HOW TO COMPLETE THIS TASK
This exercise requires every record to be repeated exactly.

DATA SHOWN START

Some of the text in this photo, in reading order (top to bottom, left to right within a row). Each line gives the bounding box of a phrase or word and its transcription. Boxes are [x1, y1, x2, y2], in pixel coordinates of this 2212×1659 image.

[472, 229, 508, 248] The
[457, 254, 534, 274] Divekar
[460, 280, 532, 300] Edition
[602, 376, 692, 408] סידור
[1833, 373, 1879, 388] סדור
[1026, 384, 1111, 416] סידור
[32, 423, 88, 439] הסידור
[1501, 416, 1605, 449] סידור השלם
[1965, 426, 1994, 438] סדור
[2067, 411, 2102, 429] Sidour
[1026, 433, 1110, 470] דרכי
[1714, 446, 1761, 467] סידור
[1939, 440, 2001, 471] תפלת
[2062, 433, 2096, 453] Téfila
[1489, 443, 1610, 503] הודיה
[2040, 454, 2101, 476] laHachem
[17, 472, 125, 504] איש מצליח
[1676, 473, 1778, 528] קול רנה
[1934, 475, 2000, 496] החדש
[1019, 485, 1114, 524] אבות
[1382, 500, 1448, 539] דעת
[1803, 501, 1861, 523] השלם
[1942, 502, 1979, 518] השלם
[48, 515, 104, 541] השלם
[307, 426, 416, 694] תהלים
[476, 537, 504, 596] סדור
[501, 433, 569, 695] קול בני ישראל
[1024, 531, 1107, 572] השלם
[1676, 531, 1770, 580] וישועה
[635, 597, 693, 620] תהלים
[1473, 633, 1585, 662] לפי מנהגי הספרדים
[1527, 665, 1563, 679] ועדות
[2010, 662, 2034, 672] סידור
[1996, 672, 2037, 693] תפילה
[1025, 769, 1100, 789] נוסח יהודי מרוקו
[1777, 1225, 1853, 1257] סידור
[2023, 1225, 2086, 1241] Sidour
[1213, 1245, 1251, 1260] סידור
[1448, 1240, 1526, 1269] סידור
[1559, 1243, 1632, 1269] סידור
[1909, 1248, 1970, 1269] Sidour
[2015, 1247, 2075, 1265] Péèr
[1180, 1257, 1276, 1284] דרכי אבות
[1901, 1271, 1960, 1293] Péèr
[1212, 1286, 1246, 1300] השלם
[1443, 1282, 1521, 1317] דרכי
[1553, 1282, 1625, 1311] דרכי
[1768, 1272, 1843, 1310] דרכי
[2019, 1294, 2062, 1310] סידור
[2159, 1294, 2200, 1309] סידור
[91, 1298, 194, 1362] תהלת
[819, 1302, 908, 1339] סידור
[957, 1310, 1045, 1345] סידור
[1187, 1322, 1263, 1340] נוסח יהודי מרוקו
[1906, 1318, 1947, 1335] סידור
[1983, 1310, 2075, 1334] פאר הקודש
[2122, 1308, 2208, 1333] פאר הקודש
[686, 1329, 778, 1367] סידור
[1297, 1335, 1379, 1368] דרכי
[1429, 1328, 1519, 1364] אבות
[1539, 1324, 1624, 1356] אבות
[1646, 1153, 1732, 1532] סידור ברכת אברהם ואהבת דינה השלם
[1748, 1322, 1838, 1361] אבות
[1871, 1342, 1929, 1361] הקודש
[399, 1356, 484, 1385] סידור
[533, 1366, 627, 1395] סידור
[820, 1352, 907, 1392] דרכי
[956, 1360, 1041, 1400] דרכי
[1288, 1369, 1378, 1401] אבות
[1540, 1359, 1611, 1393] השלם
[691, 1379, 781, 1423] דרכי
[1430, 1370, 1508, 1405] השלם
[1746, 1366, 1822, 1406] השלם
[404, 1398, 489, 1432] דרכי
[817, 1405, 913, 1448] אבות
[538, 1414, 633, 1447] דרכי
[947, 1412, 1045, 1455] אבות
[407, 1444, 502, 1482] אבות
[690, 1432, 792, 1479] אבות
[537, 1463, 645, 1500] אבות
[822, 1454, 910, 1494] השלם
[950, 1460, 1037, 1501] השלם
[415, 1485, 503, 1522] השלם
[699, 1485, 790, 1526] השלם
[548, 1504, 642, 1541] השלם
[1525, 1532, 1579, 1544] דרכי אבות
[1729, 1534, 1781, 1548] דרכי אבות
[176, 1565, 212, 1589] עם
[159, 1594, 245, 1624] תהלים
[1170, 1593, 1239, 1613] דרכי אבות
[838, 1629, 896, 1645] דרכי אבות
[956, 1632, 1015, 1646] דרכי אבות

DATA SHOWN END

ANSWER BELOW
Some of the text in this photo, in reading order (top to bottom, left to right within a row). Each line gives the bounding box of a phrase or word and its transcription. Boxes are [x1, y1, x2, y2], in pixel coordinates of this 2212×1659 image.

[472, 229, 508, 248] The
[457, 254, 534, 274] Divekar
[460, 280, 532, 300] Edition
[602, 376, 692, 408] סידור
[1833, 373, 1879, 388] סדור
[1026, 384, 1111, 416] סידור
[32, 423, 88, 439] הסידור
[1501, 416, 1605, 449] סידור השלם
[1965, 426, 1994, 438] סדור
[2067, 411, 2102, 429] Sidour
[1026, 433, 1110, 470] דרכי
[1714, 446, 1761, 467] סידור
[1939, 440, 2001, 471] תפלת
[2062, 433, 2096, 453] Téfila
[1489, 443, 1610, 503] הודיה
[2040, 454, 2101, 476] laHachem
[17, 472, 125, 504] איש מצליח
[1676, 473, 1778, 528] קול רנה
[1934, 475, 2000, 496] החדש
[1019, 485, 1114, 524] אבות
[1382, 500, 1448, 539] דעת
[1803, 501, 1861, 523] השלם
[1942, 502, 1979, 518] השלם
[48, 515, 104, 541] השלם
[307, 426, 416, 694] תהלים
[476, 537, 504, 596] סדור
[501, 433, 569, 695] קול בני ישראל
[1024, 531, 1107, 572] השלם
[1676, 531, 1770, 580] וישועה
[635, 597, 693, 620] תהלים
[1473, 633, 1585, 662] לפי מנהגי הספרדים
[1527, 665, 1563, 679] ועדות
[2010, 662, 2034, 672] סידור
[1996, 672, 2037, 693] תפילה
[1025, 769, 1100, 789] נוסח יהודי מרוקו
[1777, 1225, 1853, 1257] סידור
[2023, 1225, 2086, 1241] Sidour
[1213, 1245, 1251, 1260] סידור
[1448, 1240, 1526, 1269] סידור
[1559, 1243, 1632, 1269] סידור
[1909, 1248, 1970, 1269] Sidour
[2015, 1247, 2075, 1265] Péèr
[1180, 1257, 1276, 1284] דרכי אבות
[1901, 1271, 1960, 1293] Péèr
[1212, 1286, 1246, 1300] השלם
[1443, 1282, 1521, 1317] דרכי
[1553, 1282, 1625, 1311] דרכי
[1768, 1272, 1843, 1310] דרכי
[2019, 1294, 2062, 1310] סידור
[2159, 1294, 2200, 1309] סידור
[91, 1298, 194, 1362] תהלת
[819, 1302, 908, 1339] סידור
[957, 1310, 1045, 1345] סידור
[1187, 1322, 1263, 1340] נוסח יהודי מרוקו
[1906, 1318, 1947, 1335] סידור
[1983, 1310, 2075, 1334] פאר הקודש
[2122, 1308, 2208, 1333] פאר הקודש
[686, 1329, 778, 1367] סידור
[1297, 1335, 1379, 1368] דרכי
[1429, 1328, 1519, 1364] אבות
[1539, 1324, 1624, 1356] אבות
[1646, 1153, 1732, 1532] סידור ברכת אברהם ואהבת דינה השלם
[1748, 1322, 1838, 1361] אבות
[1871, 1342, 1929, 1361] הקודש
[399, 1356, 484, 1385] סידור
[533, 1366, 627, 1395] סידור
[820, 1352, 907, 1392] דרכי
[956, 1360, 1041, 1400] דרכי
[1288, 1369, 1378, 1401] אבות
[1540, 1359, 1611, 1393] השלם
[691, 1379, 781, 1423] דרכי
[1430, 1370, 1508, 1405] השלם
[1746, 1366, 1822, 1406] השלם
[404, 1398, 489, 1432] דרכי
[817, 1405, 913, 1448] אבות
[538, 1414, 633, 1447] דרכי
[947, 1412, 1045, 1455] אבות
[407, 1444, 502, 1482] אבות
[690, 1432, 792, 1479] אבות
[537, 1463, 645, 1500] אבות
[822, 1454, 910, 1494] השלם
[950, 1460, 1037, 1501] השלם
[415, 1485, 503, 1522] השלם
[699, 1485, 790, 1526] השלם
[548, 1504, 642, 1541] השלם
[1525, 1532, 1579, 1544] דרכי אבות
[1729, 1534, 1781, 1548] דרכי אבות
[176, 1565, 212, 1589] עם
[159, 1594, 245, 1624] תהלים
[1170, 1593, 1239, 1613] דרכי אבות
[838, 1629, 896, 1645] דרכי אבות
[956, 1632, 1015, 1646] דרכי אבות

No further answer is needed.